Sarah McGowran is sailing to new adventures as she prepares to volunteer for the charity Mercy Ships for three months. Here, she explains why.
I have been coming to Christ Church London since 2010 when I did Alpha for the first time. I was just 18.
From accepting Christ as my Father all those years ago, let’s fast forward 11 years. I’ve now decided to take a position as a physiotherapist with the global charity Mercy Ships. God has given me the ability to step outside of my comfort zone and I’ve found that I’m not feeling scared about heading into a potentially dangerous situation, the financial compromise involved or the idea of giving up my time. As of 26th August, I’ll be leaving my job in London and will be living onboard the world’s largest non-governmental ‘hospital on a ship’, the Africa Mercy, for 3 months. I will not be paid during this time and everyone on board the ship will be self-funding their stay. I am so grateful for the many family and friends around me who have donated, as well as for the amazing support Christ Church London has provided.
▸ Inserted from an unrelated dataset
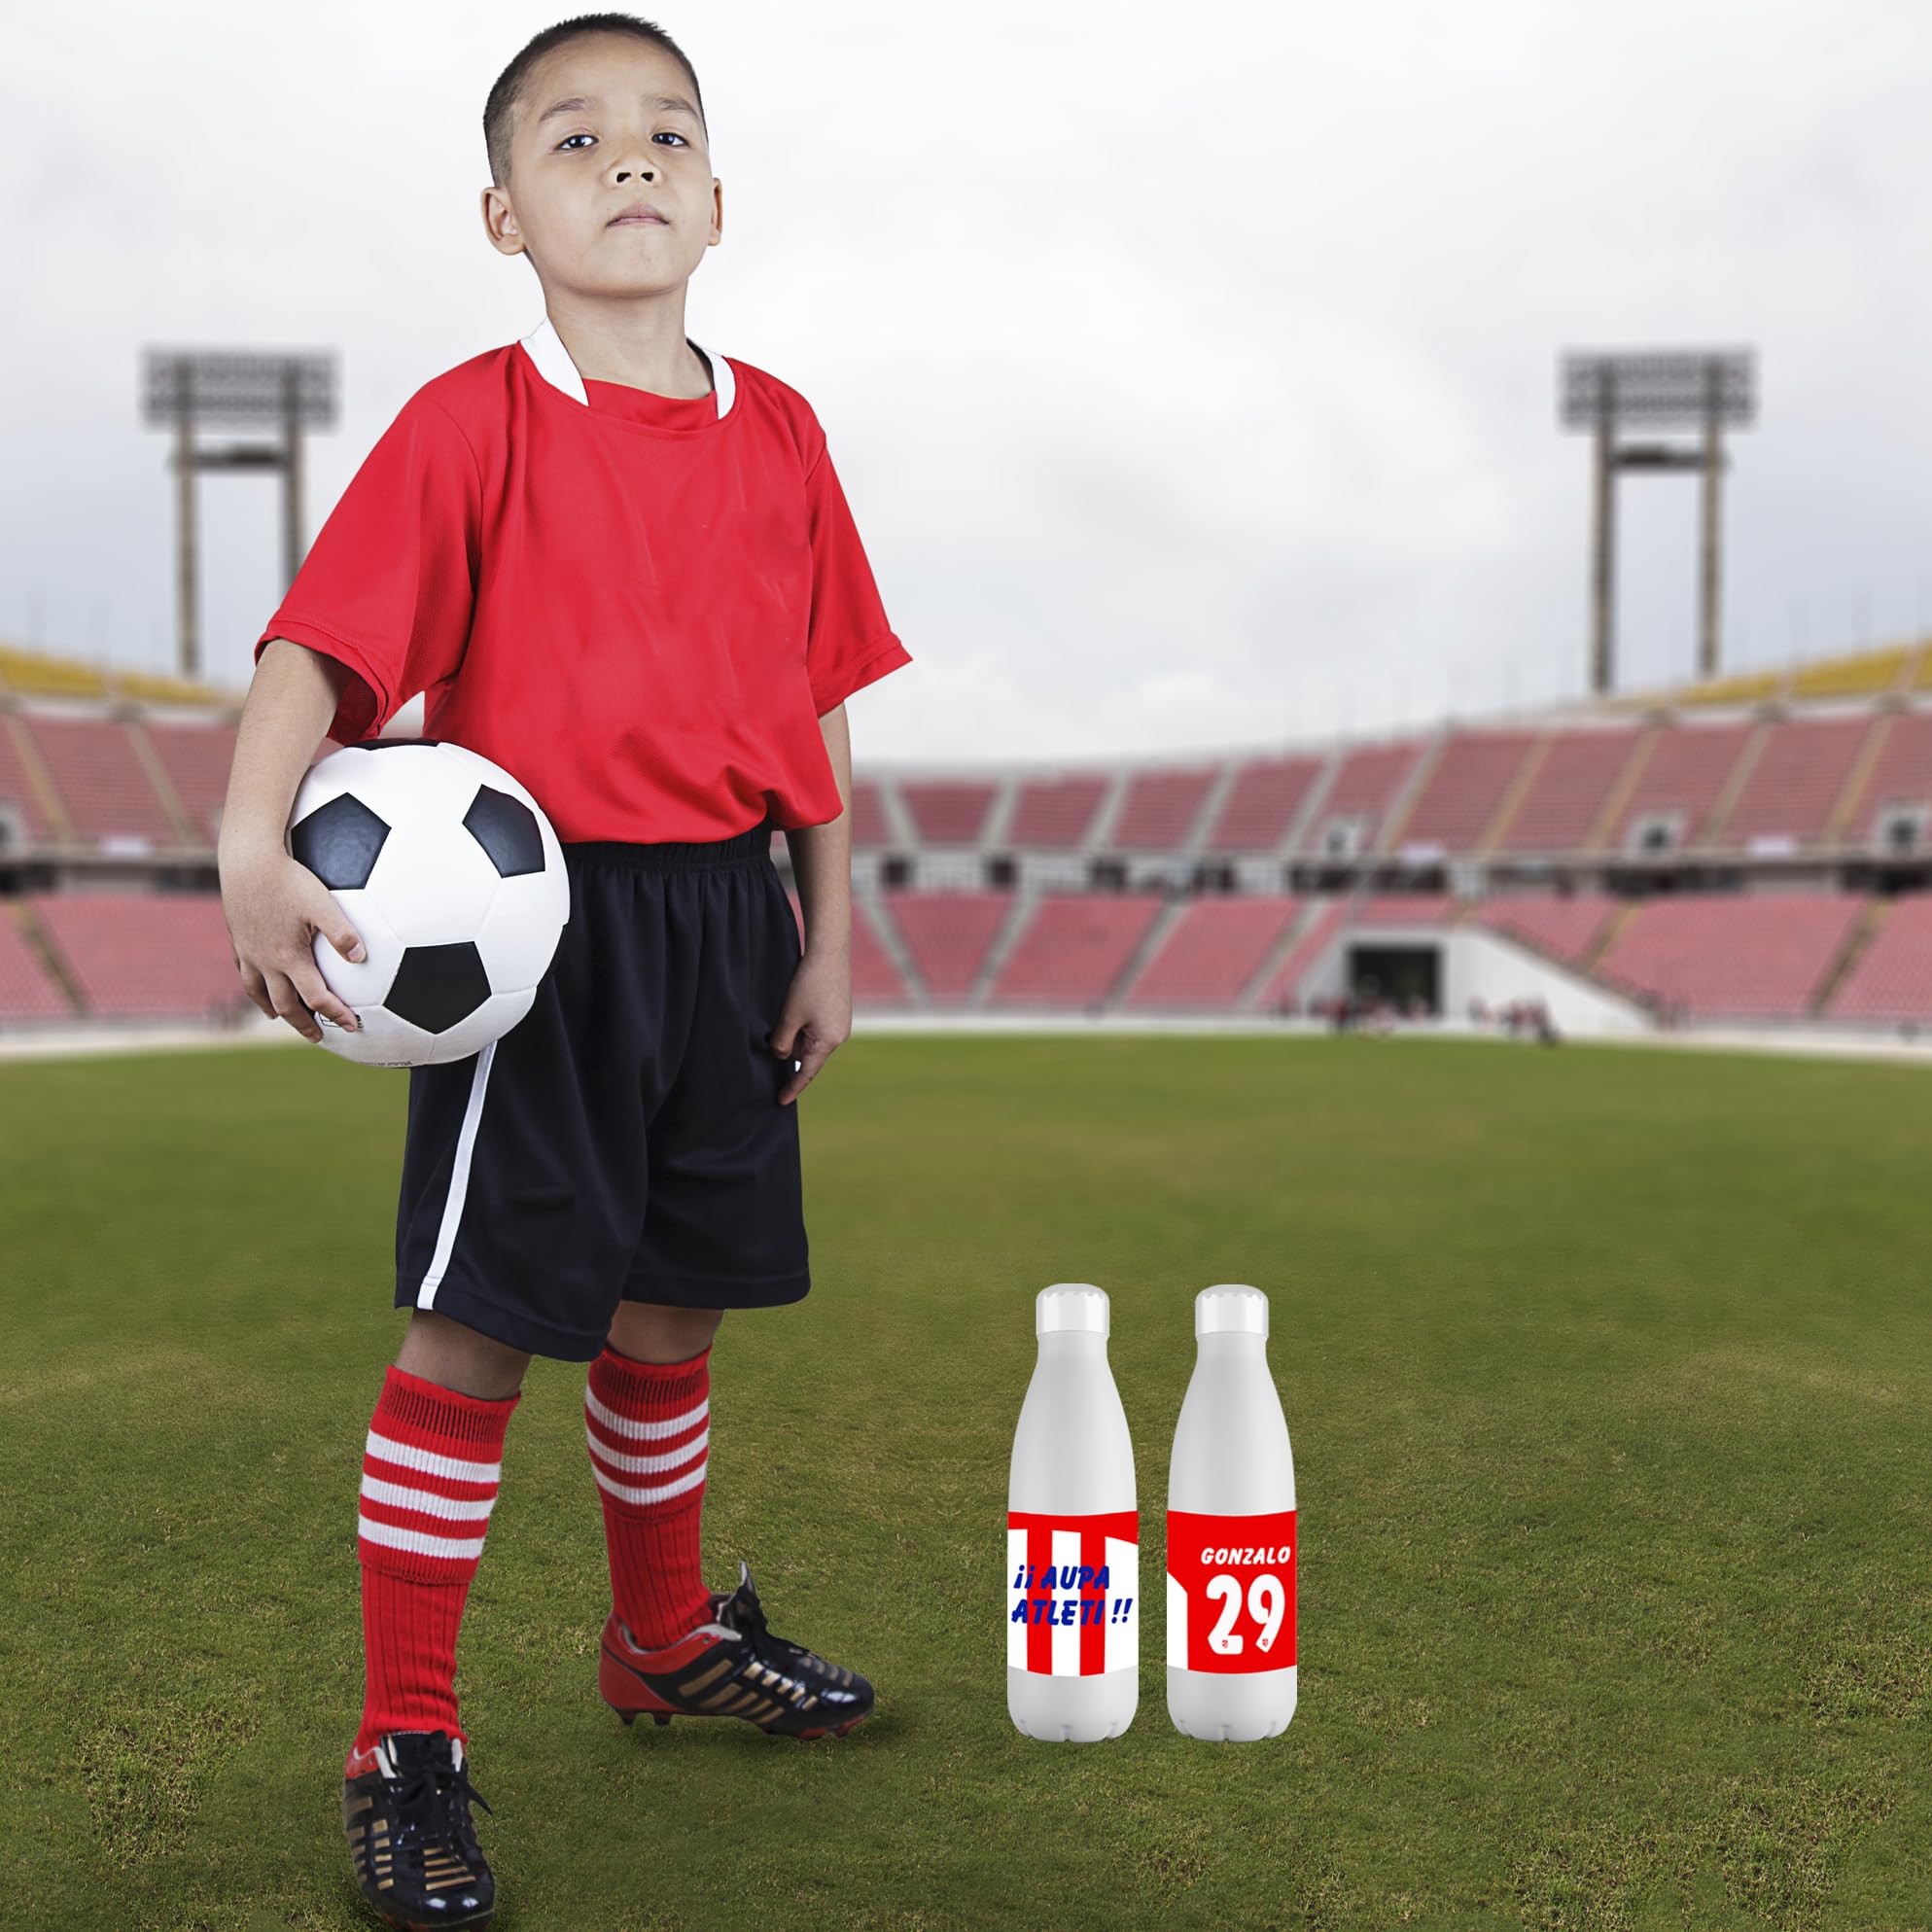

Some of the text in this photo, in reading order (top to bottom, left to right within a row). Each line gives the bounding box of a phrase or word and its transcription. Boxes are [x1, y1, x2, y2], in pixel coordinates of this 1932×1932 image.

Mercy Ships is a faith-based organisation that has been running since 1978. The Africa Mercy provides various treatments and surgeries including cleft lip and palate, removal of often very large benign tumours, Ponseti treatment for club feet, burns, removal of fistulas post child birth, and eye and dental surgery. This year the ship will be in port in Conakry, Guinea, West Africa. It has 450 staff members and is expecting to complete 2500 surgeries over its full year of service.
I am truly excited about this opportunity. I had always hoped I would be able to work using health care to make a difference in countries where people don’t have access to it. I studied Physiotherapy so that I could have hands-on contact with patients, and hoped to build relationships that would empower and encourage patients and families through their rehabilitation journey back to health. I now believe teaching people about health care techniques is just as important as the treatment itself, so I will be providing post-surgical rehabilitation as well as teaching on areas of paediatric Physiotherapy which is my specialism.
I have been considering working with the Mercy Ships since 2010. During that time I have worked for the NHS, with a charity in Peru and in a government hospital in Singapore, but I’ve always had the desire to assist with health care provision on board the Mercy Ships. I see Physiotherapy as a gift and an opportunity I was given, as someone living in the UK, to be able study this degree. I now get to share my gift with others, and to be part of a much wider multi-disciplinary team and an even larger group of volunteers. We get to provide health care which would otherwise not exist for this group of people in West Africa. It will be a privilege to be able to share my Physiotherapy knowledge and skills to members of the younger generation in Guinea so they can take them forward. I too am going to learn so much from the people I meet and the new skills I’ll gain. Hopefully this experience will significantly broaden my world-view for the better.